*** MATERIALS PROVIDED ***

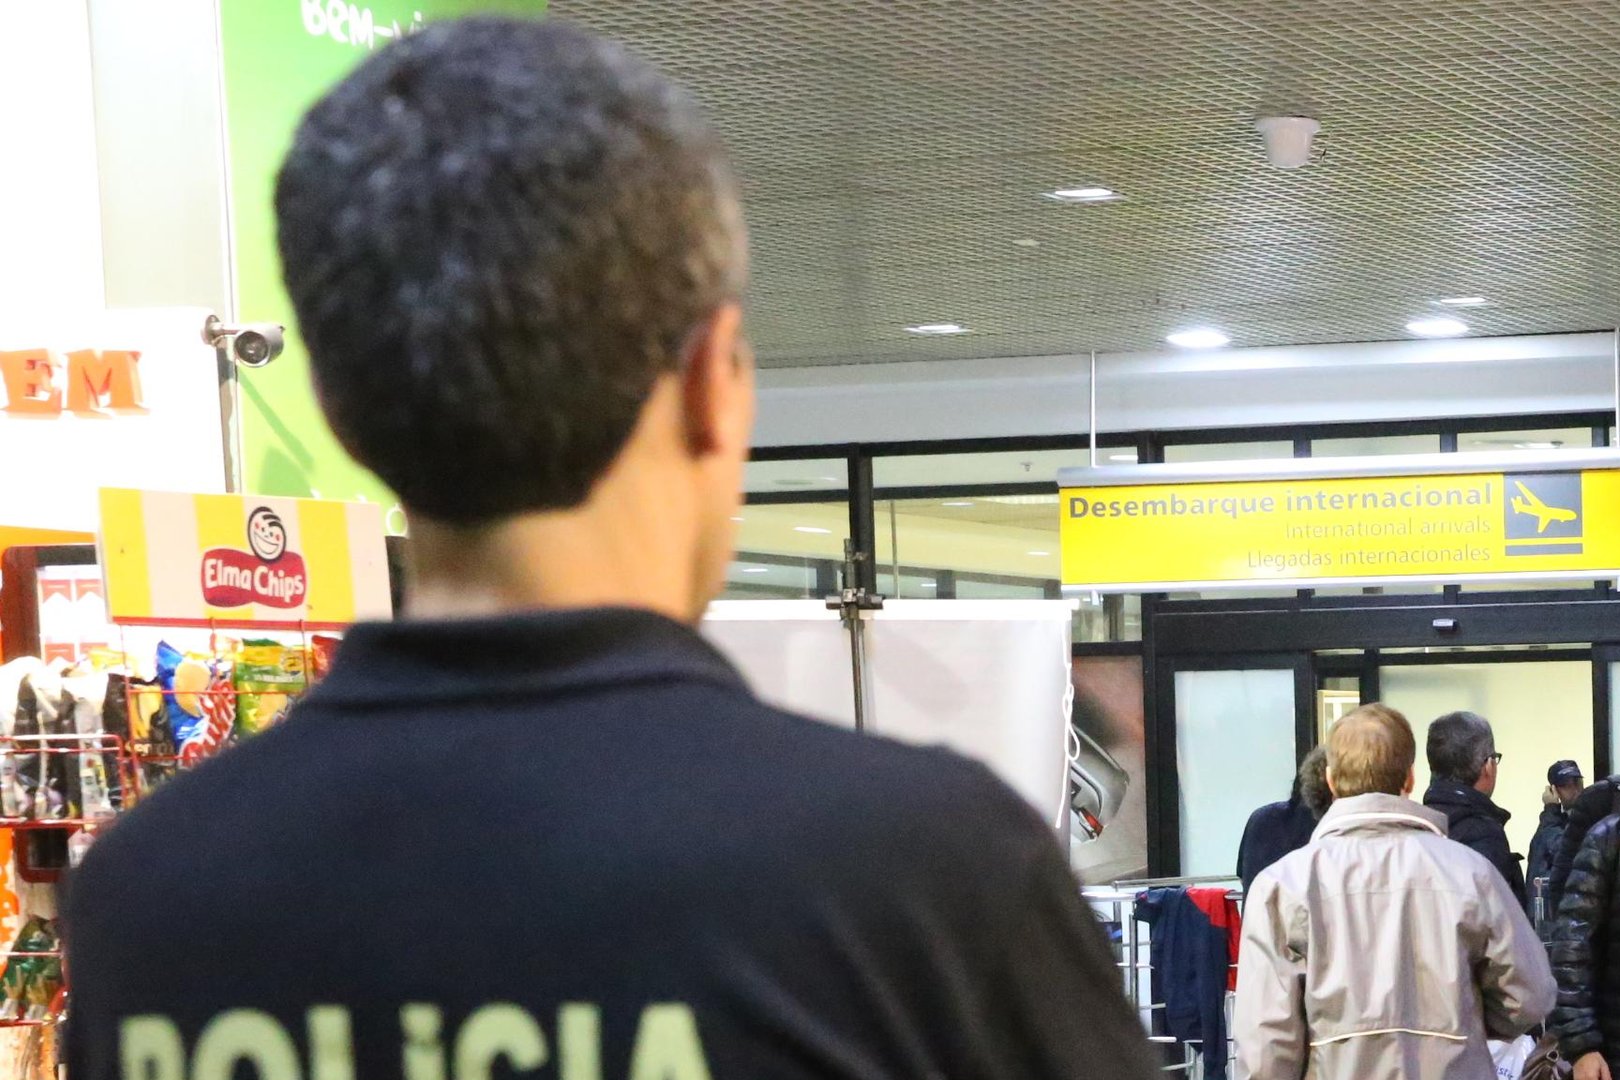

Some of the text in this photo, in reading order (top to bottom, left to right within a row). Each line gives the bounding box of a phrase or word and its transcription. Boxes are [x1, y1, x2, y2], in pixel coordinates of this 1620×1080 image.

[1070, 483, 1492, 519] Desembarque internacional
[1286, 515, 1491, 539] International arrivals
[1247, 544, 1491, 572] Llegadas internacionales
[205, 558, 305, 603] Elma Chips

*** End of MATERIALS PROVIDED ***

REQUIRED ACTION
Return the preceding entries exactly, each word as given, but leave out any picture.

ANSWER TO THE PROBLEM
Some of the text in this photo, in reading order (top to bottom, left to right within a row). Each line gives the bounding box of a phrase or word and its transcription. Boxes are [x1, y1, x2, y2], in pixel coordinates of this 1620×1080 image.

[1070, 483, 1492, 519] Desembarque internacional
[1286, 515, 1491, 539] International arrivals
[1247, 544, 1491, 572] Llegadas internacionales
[205, 558, 305, 603] Elma Chips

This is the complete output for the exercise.